Продал свой старый «Шеви-два» и купил «Кадиллак Севиль» семьдесят девятого года – это последний год, когда они выглядели достойно. Темно-оливковый, с коричневым кожаным салоном, мягким и тихим. Ездить я планировал немного, так что солидный пробег не играл особой роли. Выбросил большинство старой одежды и накупил новых шмоток, в основном из мягкой ткани – вязаной шерсти, вельвета, кашемира, туфель на резиновой подошве, всяких свитерочков, халатов, шортиков…
Впервые за все время после покупки дома прочистил трубы гидромассажной ванны, которой никогда не пользовался. Стал покупать продукты и пить молоко. Вытащил из футляра свой старый «Мартин» и бренчал на нем на балконе. Слушал пластинки. Читал ради удовольствия впервые после выпуска из школы. Загорел. Сбрил бороду и обнаружил, что у меня есть лицо, причем далеко не безобразное.
Встречался с хорошими женщинами. Встретил Робин, и тогда дела и вовсе пошли на лад.
Благословенное времечко! Считай, вышел на пенсию за шесть месяцев до своего тридцать третьего дня рождения.

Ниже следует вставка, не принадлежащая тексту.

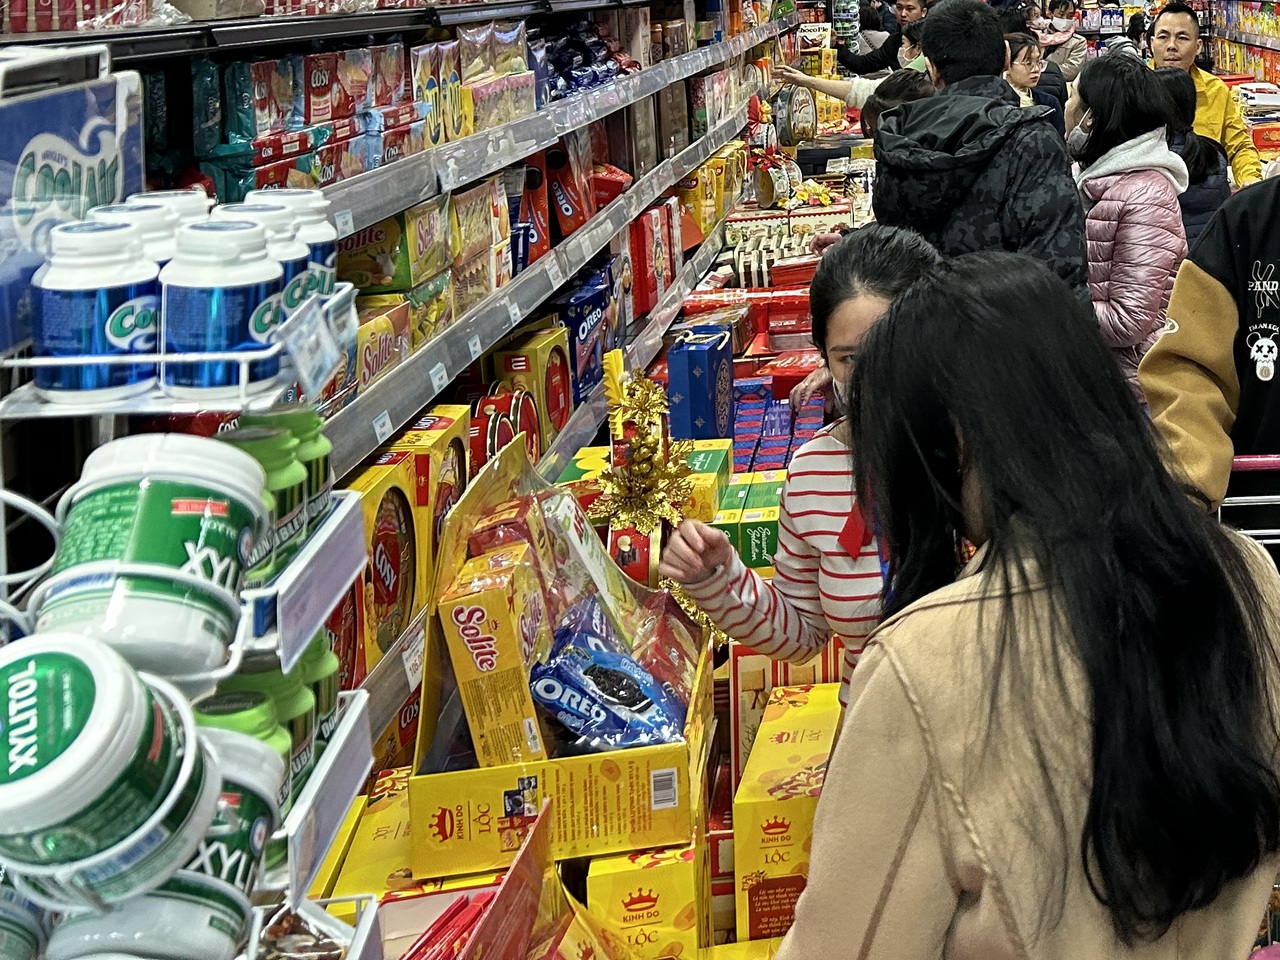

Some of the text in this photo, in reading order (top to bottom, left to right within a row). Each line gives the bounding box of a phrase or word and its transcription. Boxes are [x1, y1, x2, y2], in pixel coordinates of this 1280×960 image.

[310, 69, 330, 88] COSY
[579, 308, 602, 342] OREO
[361, 331, 394, 386] Solite
[374, 541, 397, 593] COSY
[452, 605, 500, 672] Solite
[400, 699, 420, 730] COS
[534, 676, 608, 723] OREO
[8, 659, 38, 776] XYLITOL
[472, 802, 492, 835] LỘC
[764, 851, 790, 866] LỘC
[622, 912, 645, 923] KINH
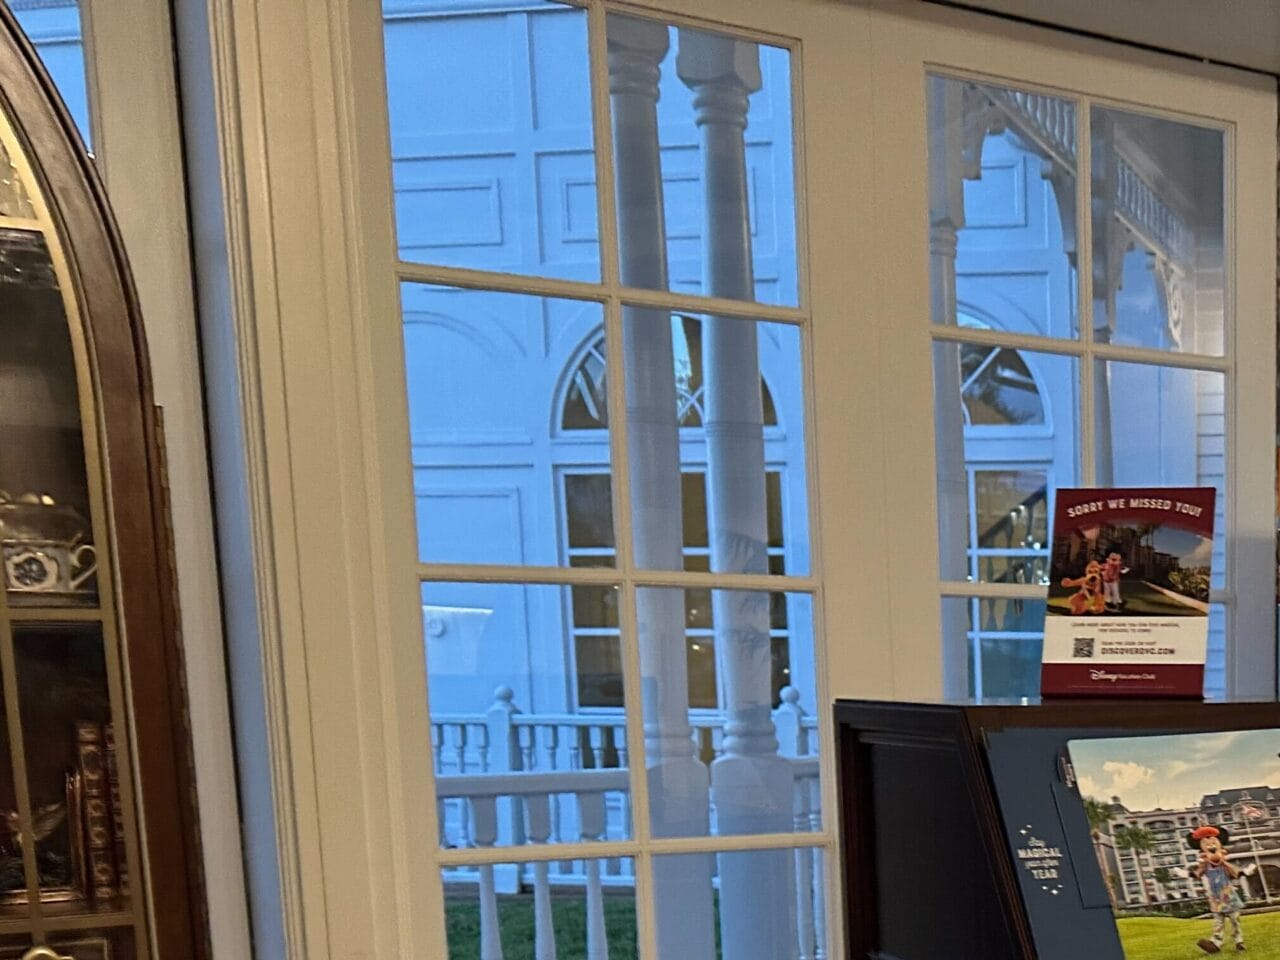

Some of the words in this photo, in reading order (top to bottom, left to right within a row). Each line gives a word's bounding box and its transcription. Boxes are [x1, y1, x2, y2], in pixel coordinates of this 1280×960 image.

[1067, 501, 1104, 518] SORRY
[1107, 498, 1126, 510] WE
[1129, 498, 1172, 511] MISSED
[1176, 501, 1203, 518] YOU!
[1017, 847, 1064, 858] MAGICAL
[1031, 868, 1058, 880] YEAR

Здорово было. Но всему хорошему когда-то приходит конец.
Глава 3
Последнее обиталище Мортона Хэндлера – если не считать морга – представляло собой роскошный жилой комплекс неподалеку от бульвара Сансет в Тихоокеанских Палисадах. Издалека он смахивал на разломанные в куски пчелиные соты – индивидуальные жилые блоки, соединенные галереями и переходами, были свободно раскиданы по склону холма без всякой видимой системы. Хотя кое-какая архитектурная мысль все же прослеживалась – из каждой из квартир открывался отличный вид на океан. Стиль – нечто псевдоиспанское: ослепительно-белые стены с текстурной штукатуркой, красные черепичные крыши, вычурные кованые решетки… Все свободные клочки земли густо засажены азалиями и гибискусами. И вдобавок множество всяких растений в огромных терракотовых горшках – кокосовые пальмы, фикусы, папоротники, которые смотрелись так, будто кто-то собрал их в кучу, чтобы перевезти на новое место.
Блок с квартирой Хэндлера располагался на одном из средних уровней. Входная дверь была опечатана длинной наклейкой с надписью «Департамент полиции Лос-Анджелеса», а ведущая к террасе дорожка изрядно затоптана грязными следами.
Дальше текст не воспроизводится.